Le rapport 2022 met en évidence la contribution du secteur extractif d’un montant global de 275 milliards de Francs CFA, dont 2242milliards, affectés au budget de l’Etat. Ce montant rapporté au budget représente relativement 6,87% », a-t-elle déclaré.

Ce qui peut être considéré comme négligeable pour un secteur qui suscite autant d’intérêt et occupe une place importante dans le débat public. Toutefois précise Mme la Présidente il y a 10 ans, cette contribution du secteur extractif au budget de l’Etat était seulement de 1%. Suffisant pour saluer les efforts consentis par les parties prenantes pour améliorer la gouvernance du secteur.

Des données qui rassurent, mais…

La contribution du secteur extractif c’est également les revenus générés aux profits de travailleurs sénégalais et étrangers dans les mines et dans les hydrocarbures. Dans ce rapport de 2022, il est noté une contribution évaluée à 42,50 milliards de francs CFA, soit une tendance haussière comparée à 2021 où elle était de 17,9%, du fait de l’effet domino créé par la hausse des revenus issus du secteur minier. La masse salariale est évaluée à 120 milliards de Francs CFA pour un secteur qui n’emploie pas mois de 9700 personnes.

En ce qui concerne les dépenses sociales, le rapport fait état de 2000 milliards de Francs CFA dépensés par les entreprises extractives. Cette importante manne financière est principalement captée par les entreprises étrangères pour l’essentiel avec un peu plus de 1200 milliards et un peu plus de 700 milliards pour les entreprises locales.

…encore des défis à relever

Malgré les efforts consentis pour augmenter les revenus, les communautés continuent de se plaindre de leurs conditions de vies. Les conflits entre exploitants et populations autochtones confirment le ressenti de ces dernières qui ne ratent pas l’occasion de décrier la faible prise en charge de leurs préoccupations par les compagnies.

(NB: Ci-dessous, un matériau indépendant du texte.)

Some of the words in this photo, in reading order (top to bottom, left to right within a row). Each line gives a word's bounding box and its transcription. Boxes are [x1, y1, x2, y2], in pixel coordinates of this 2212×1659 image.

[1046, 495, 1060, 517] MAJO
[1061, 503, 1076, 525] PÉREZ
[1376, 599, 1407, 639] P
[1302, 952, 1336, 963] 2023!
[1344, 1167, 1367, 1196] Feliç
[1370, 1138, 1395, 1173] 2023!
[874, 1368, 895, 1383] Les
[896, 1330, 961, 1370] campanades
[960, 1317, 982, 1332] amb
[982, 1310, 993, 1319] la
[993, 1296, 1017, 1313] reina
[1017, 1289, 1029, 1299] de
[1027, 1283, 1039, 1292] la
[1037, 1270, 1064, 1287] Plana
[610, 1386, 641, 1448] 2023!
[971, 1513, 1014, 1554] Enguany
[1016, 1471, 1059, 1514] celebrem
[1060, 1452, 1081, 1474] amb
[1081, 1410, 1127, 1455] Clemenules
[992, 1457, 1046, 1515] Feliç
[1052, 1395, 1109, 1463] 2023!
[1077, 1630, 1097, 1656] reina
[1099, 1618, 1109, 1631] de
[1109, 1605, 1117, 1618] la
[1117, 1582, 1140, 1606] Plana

Par ailleurs, beaucoup de choses doivent être corrigées, surtout en perspective de la prochaine validation du Sénégal en 2025. La mise en ouvre de l’exigence 2.5 connait quelques difficultés. Même si le nombre d’entreprises déclarantes a fortement évolué, passant d’une centaine à un peu plus de 200, il faut reconnaitre que l’accès au Registre des Bénéficiaires Effectifs (RBE) pose problème en dehors des personnes autorisées.

« L’orpaillage est également une nouvelle exigence et nous devons l’intégrer en élargissant notre périmètre pour mieux appréhender ce secteur et y apporter des solutions », a préconisé Pr Awa Marie Coll.

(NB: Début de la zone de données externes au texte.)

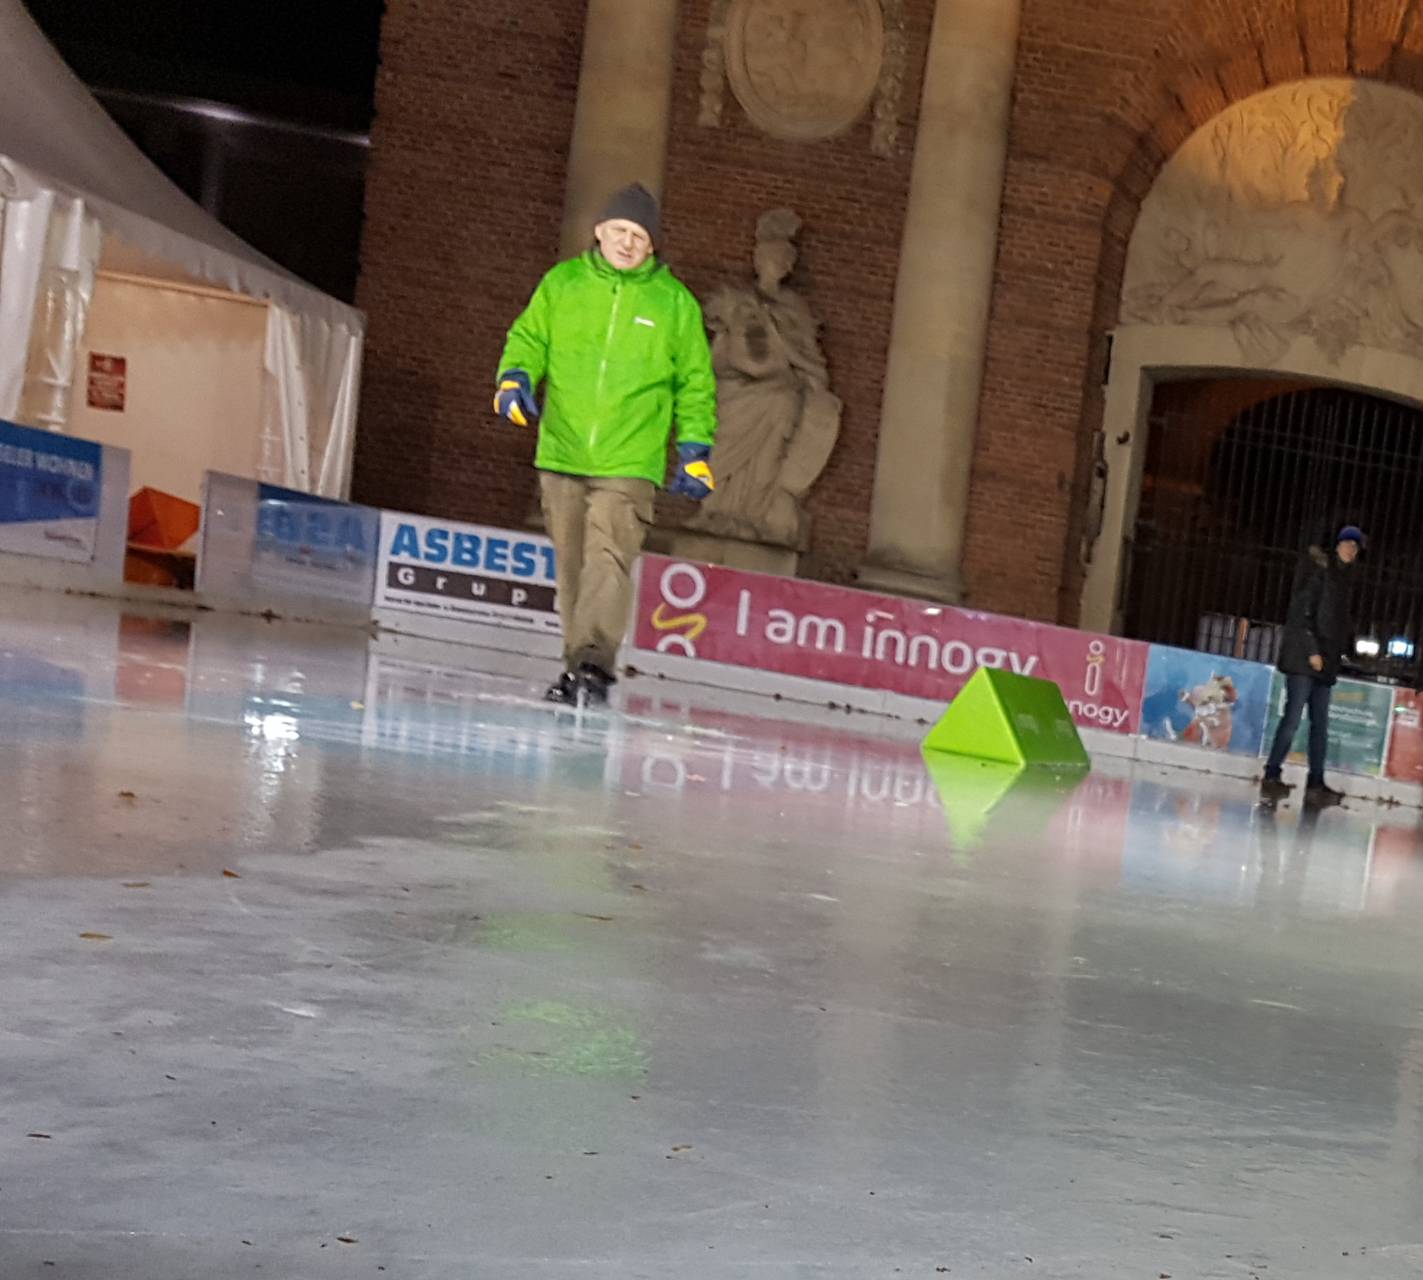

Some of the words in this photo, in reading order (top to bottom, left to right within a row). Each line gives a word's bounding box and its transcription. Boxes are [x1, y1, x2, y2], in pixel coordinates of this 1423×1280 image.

[397, 567, 560, 613] Grup
[736, 589, 751, 636] I
[764, 608, 845, 653] am
[1065, 699, 1129, 728] nogy
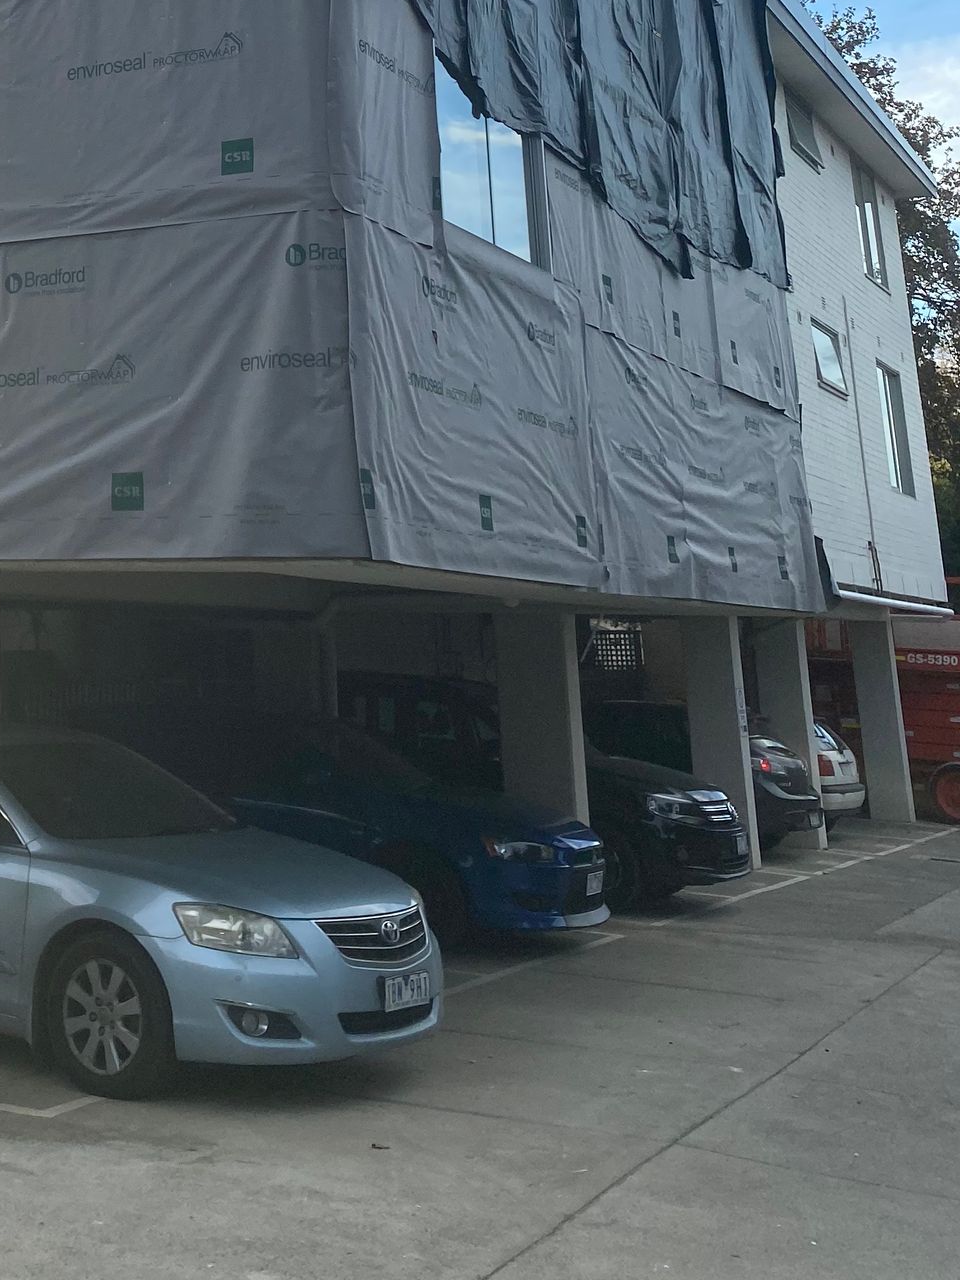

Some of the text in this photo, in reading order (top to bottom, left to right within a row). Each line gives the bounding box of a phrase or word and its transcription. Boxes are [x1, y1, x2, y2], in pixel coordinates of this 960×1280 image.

[67, 52, 147, 81] enviroseal
[224, 150, 250, 163] CSR
[25, 266, 85, 288] Bradford
[240, 347, 331, 372] enviroseal
[907, 653, 958, 666] GS-5390

L’engagement pour améliorer la gouvernance

La publication du 10ème rapport coïncide avec le 10ème anniversaire de la mise en œuvre de l’ITIE Sénégal. Un travail acharné des toutes les parties prenantes qui a permis au Sénégal d’être dans le cercle des pays modèles en matière de transparence de gouvernance mais aussi de redevabilité dans le secteur des ressources naturelles.

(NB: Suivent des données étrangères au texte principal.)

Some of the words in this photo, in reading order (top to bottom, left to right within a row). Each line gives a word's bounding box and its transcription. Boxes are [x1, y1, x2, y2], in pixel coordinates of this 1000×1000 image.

Une occasion saisie par le Ministre des affaires étrangères Pr Ismaila Madior Fall, par ailleurs ancien Président de l’ITIE Sénégal, venu représenter le Président de la République, pour revenir sur les « efforts constants de l’Etat du Sénégal pour maintenir le cap de la transparence et de la gouvernance du secteur des ressources naturelles ».

Pour lui, « il s’agit de l’adoption de la loi de finance sur la transparence dans la gestion des finances publiques par le Président de la République en 2012, puis de l’adhésion, en Octobre 2013, à l’ITIE qui est aujourd’hui un outil performant et innovant pour la conduite d’une gestion à la fois optimale et responsable du secteur extractif », a dit le Ministre.